How many moles of #"NiCl"_2# are required to produce #"0.715 moles Ni"_3"(PO"_4)_2"#?

The equation is:

#"3NiCl"_2 + "2Na"_3"PO"_4"##rarr##"Ni"_3"(PO"_4)_2 + "6NaCl"#

1 Answer
Feb 18, 2016

Answer:

You will need #"2.15 mol NiCl"_2"# to produce #"0.715 mol Ni"_3("PO"_4")"_2"#.

Explanation:

Balanced Equation

#"3NiCl"_2+"2Na"_3"PO"_4##rarr##"Ni"_3("PO"_4")"_2+"6NaCl"#

Since we are starting with moles of #"Ni"_3("PO"_4")# and ending with moles of #"NiCl"_2"#, we need the mole ratio between these compounds from the balanced equation.

Mole Ratio

#"3 mol NiCl"_2":##"1 mol Ni"_3("PO"_4")"_2"#

Multiply the given moles of #"Ni"_3("PO"_4")"_2"# times the mole ratio with #"NiCl"_2"# in the numerator.

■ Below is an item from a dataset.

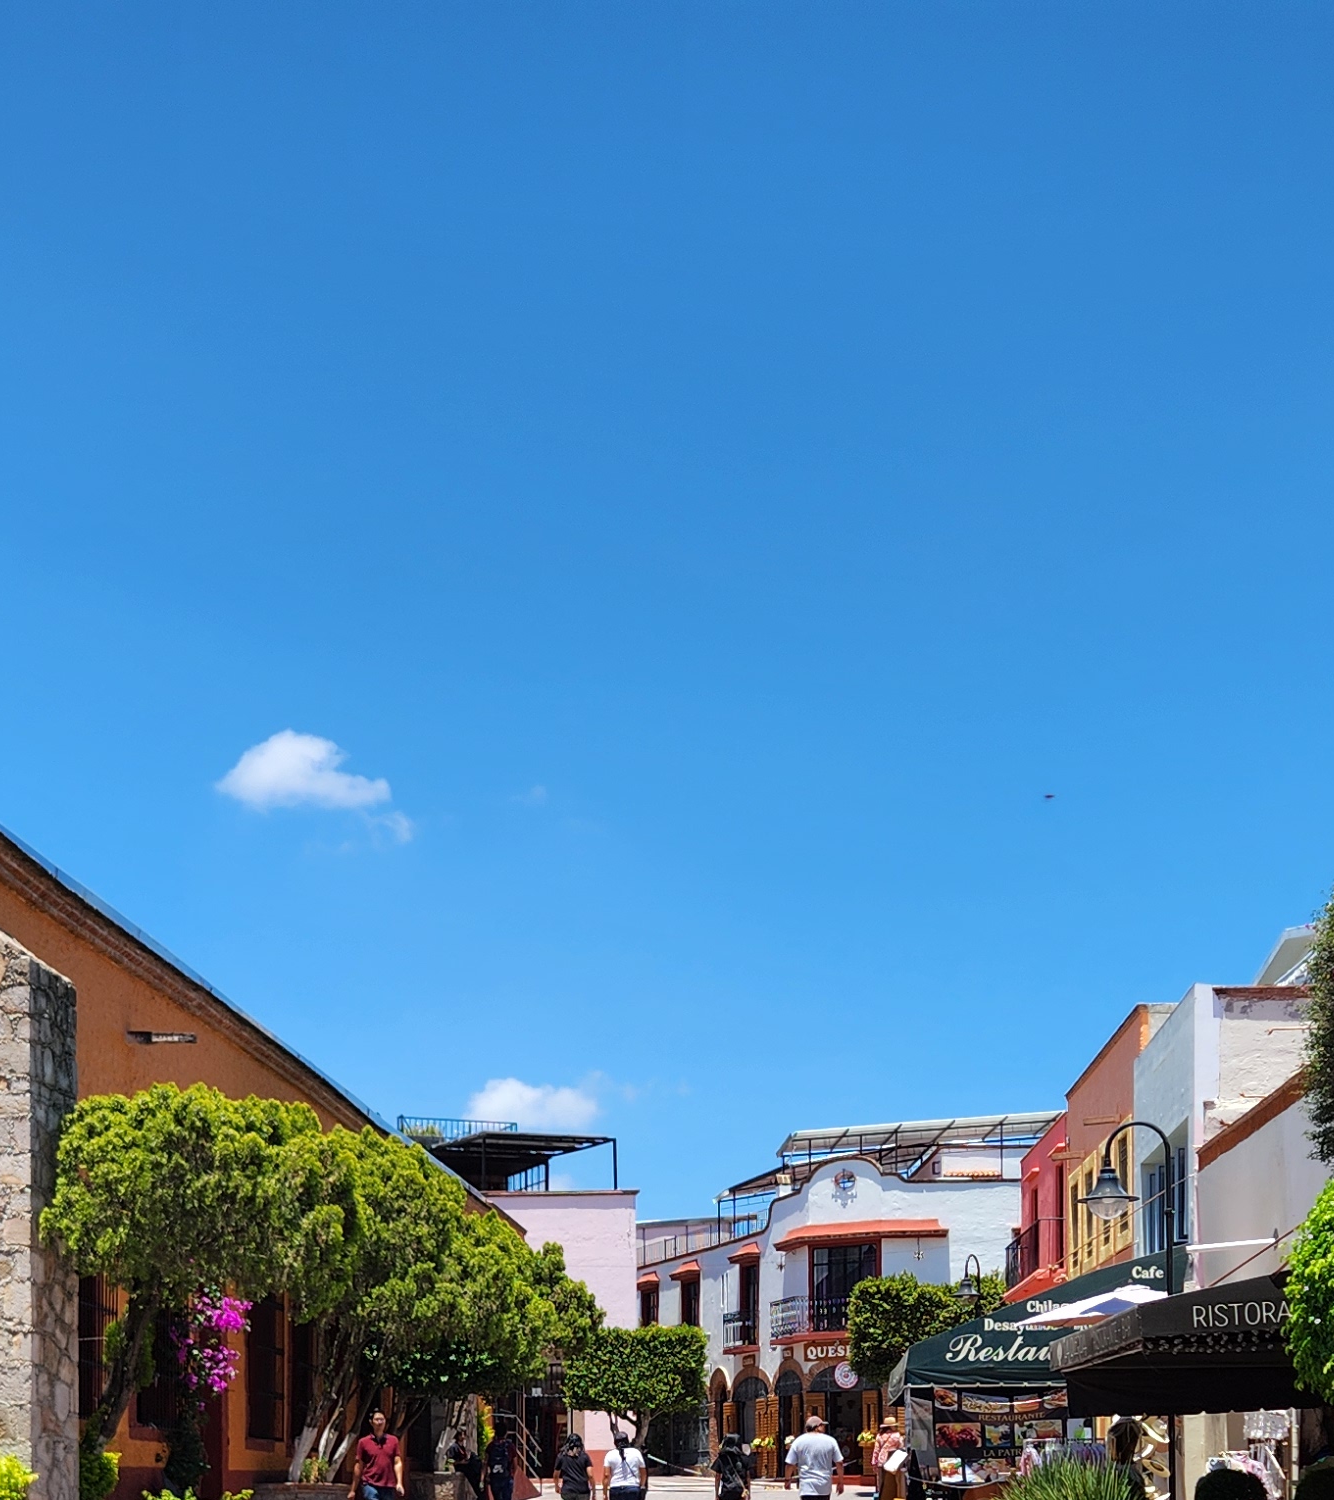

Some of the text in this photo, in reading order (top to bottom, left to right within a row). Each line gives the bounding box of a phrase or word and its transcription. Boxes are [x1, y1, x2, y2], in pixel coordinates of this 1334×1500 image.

#0.715cancel("mol Ni"_3("PO"_4")"_2")##xx##(3"mol NiCl"_2)/((1cancel("mol Ni"_3("PO"_4")"_2"))##=##"2.15 mol NiCl"_2"#

You will need #"2.15 mol NiCl"_2"# to produce #"0.715 mol Ni"_3("PO"_4")"_2"#.

Since it's easier to work with mass, you can convert moles #"NiCl"_2"# to mass in grams by multiplying the calculated moles #"NiCl"_2"# times its molar mass, #"129.5994 g/mol"#. https://pubchem.ncbi.nlm.nih.gov/compound/24385

#2.15cancel"mol NiCl"_2xx(129.5994"g NiCl"_2)/(1cancel"mol NiCl"_2)="279 g NiCl"_2"# rounded to three significant figures.

So in order to obtain #"2.15 mol NiCl"_2"#, you would use #"279 g NiCl"_2"#.